今日はランチが終わってから、明日以降のディナーのための仕込みを行った。仕込みと言ってもいつもの風ではなく、ヤギのミルクを使ったもののいくつかである。ヤギを飼ってミルクをとっているレストランならではの特権と言えるだろう。
10kgの生乳から1リツトルほどの生クリームを精製し、それにヤギのヨーグルトとなどを加えてさらに発酵させ、レンネットで凝集させてクリームチーズをつくった。この生クリームからはバターもつくった。レーズンバターを作って、ヤギミルクの丸パンにはさんで食べてもらおう。
今日は通常の仕込みはしない。少し前までは一日の中でいろいろ複数のことができた。このところは体力が続かないので、一日一個と決めている。
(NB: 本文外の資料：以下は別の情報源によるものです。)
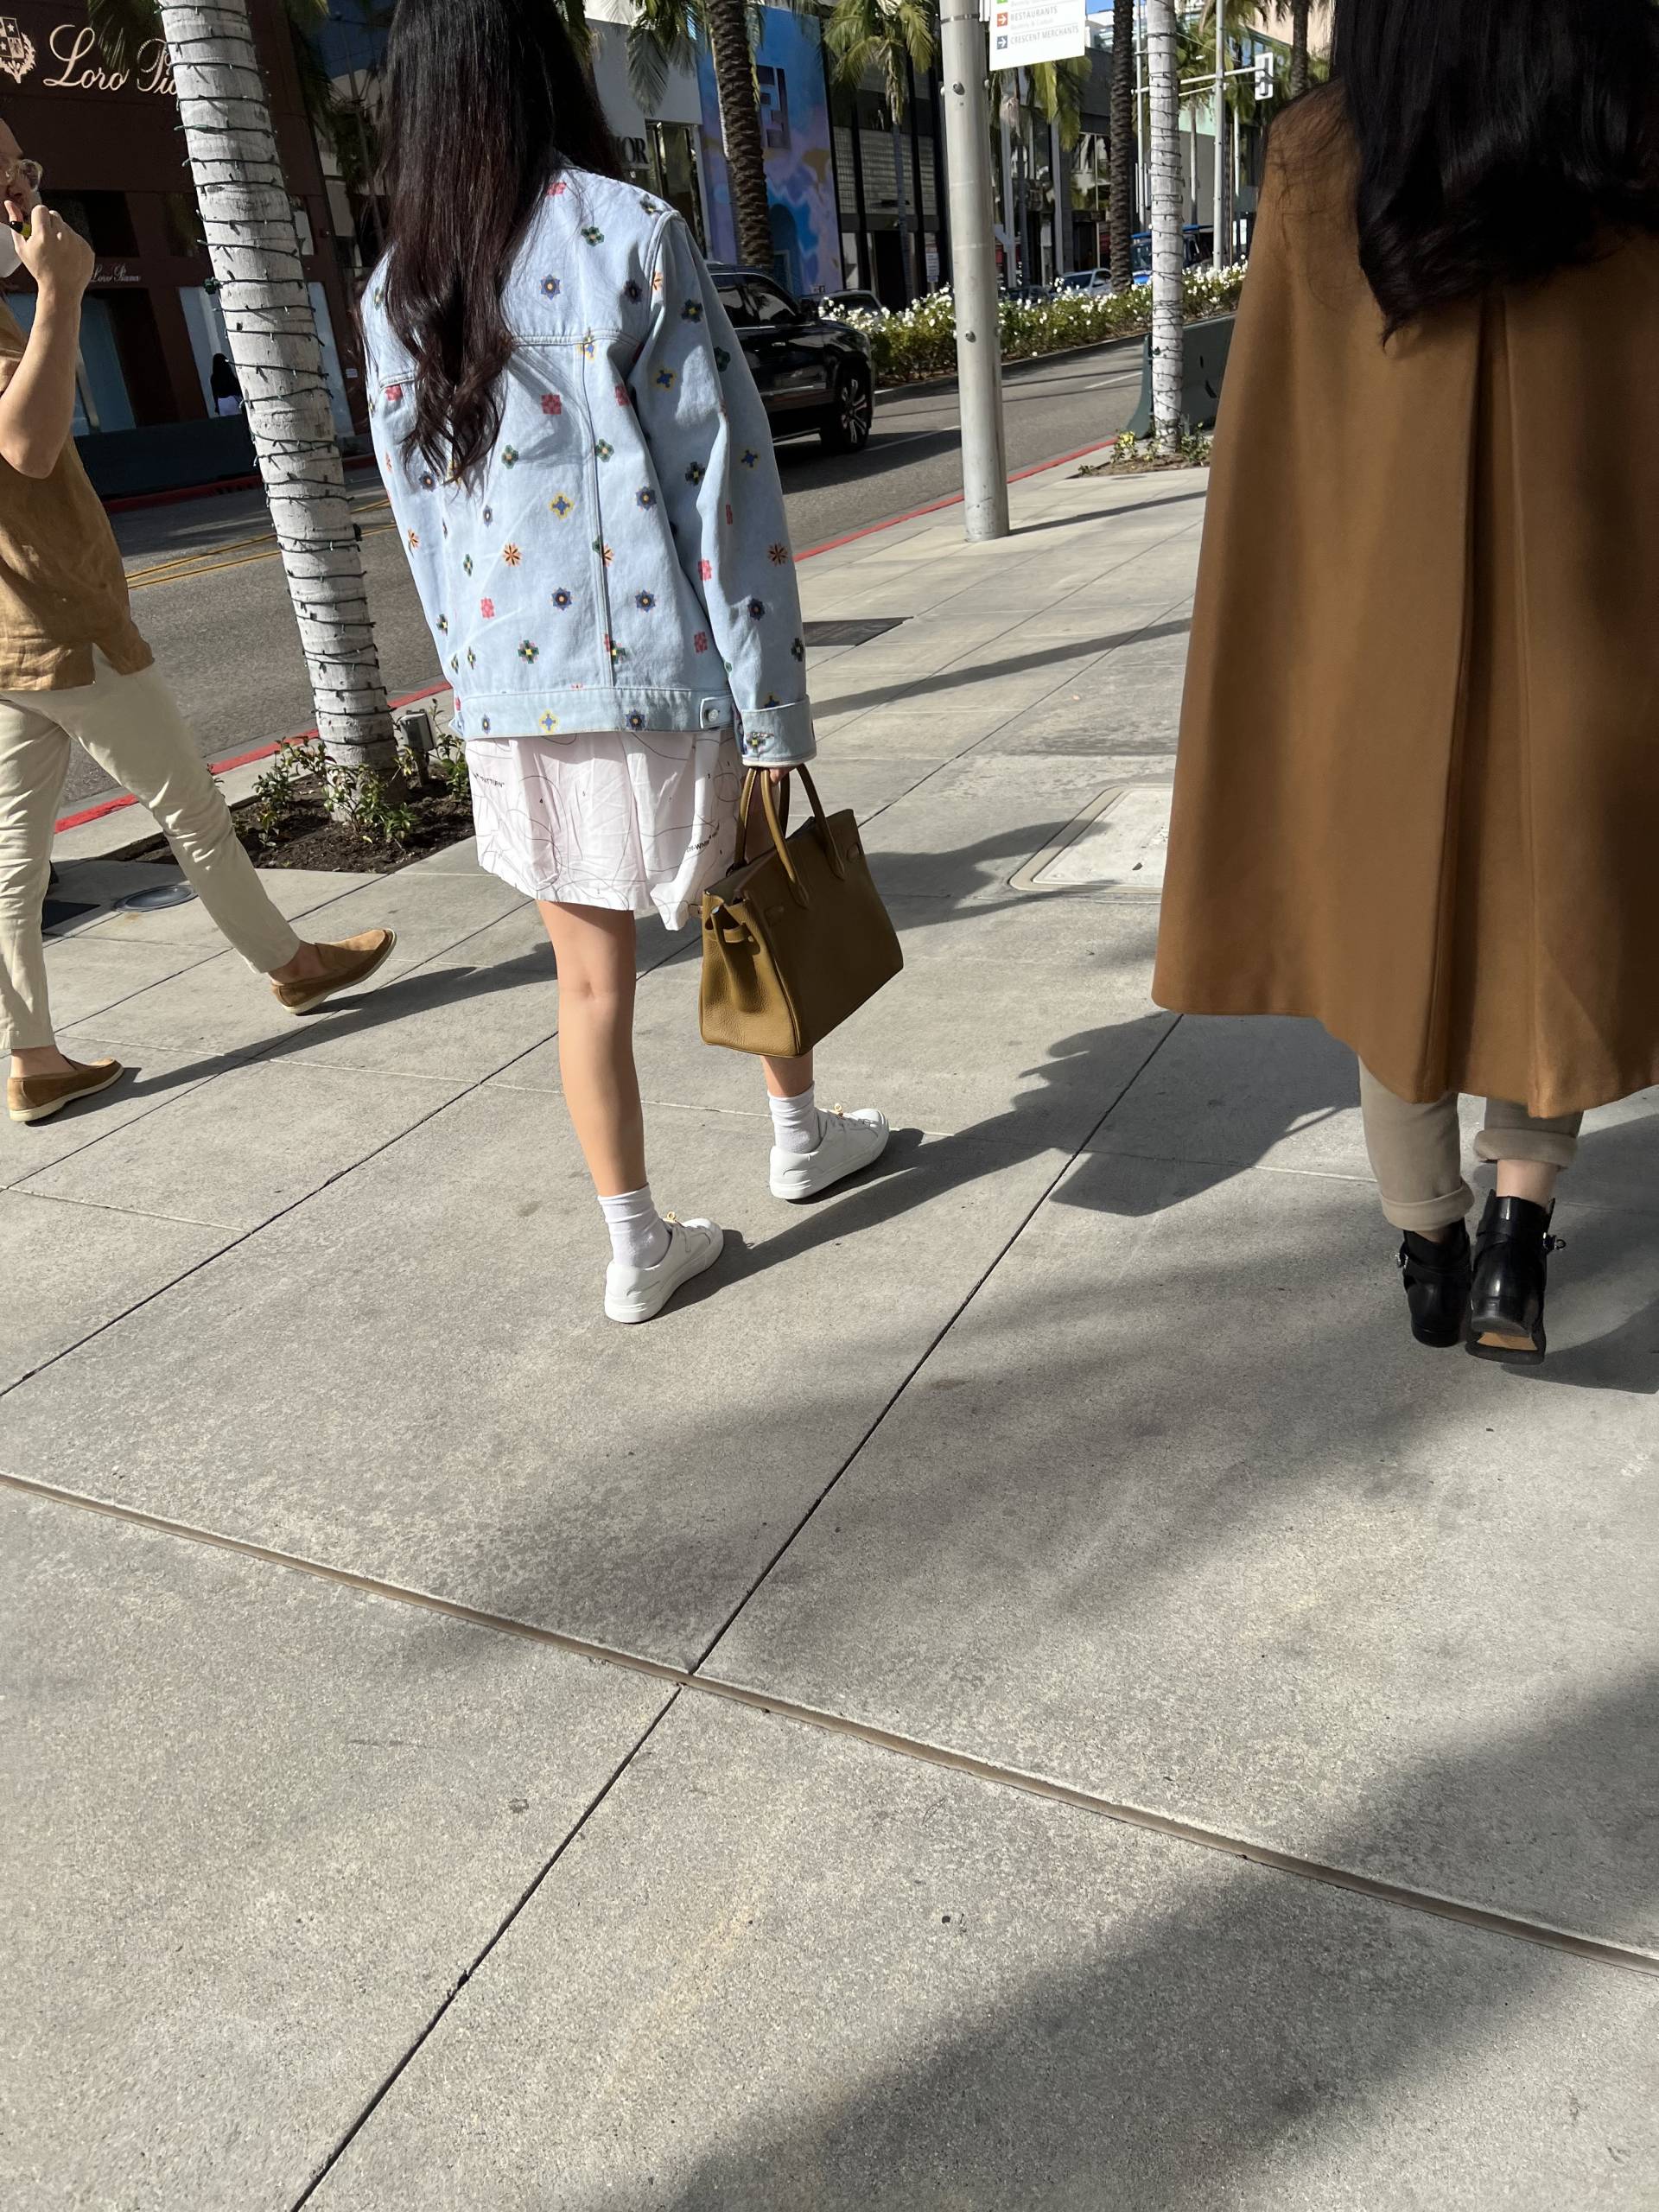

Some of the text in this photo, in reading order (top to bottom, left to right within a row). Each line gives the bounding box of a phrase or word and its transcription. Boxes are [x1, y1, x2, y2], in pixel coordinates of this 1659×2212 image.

[1010, 5, 1058, 21] RESTAURANTS
[1010, 25, 1079, 44] CRESCENT MERCHANTS
[42, 24, 130, 91] Loro
無理にやろうとしてもロクな結果にならないと覚えたのだ。
少子高齢化時代の図式として、私たちのような高齢者が薄い人口層の若者におぶわれて、寄りかかることで大きな負担になるというものがあるが、私はこの絵が嫌いだ。いくつなろうとその年代に応じた働き方があるし、働くことは社会に関わることだし、そういうことに喜びを見出す美徳を持った国民だと思う。ただ、労働力という観点からは若い方に敵わない。それは勘弁して欲しいが、働ける内は働くことが良いと思う。
今、クリームチーズを熟成させている最中である。これがどういう味わいのチーズケーキになるんだろうか。短期で成果を求められる若い世代の方には表現できない世界があるような気がする。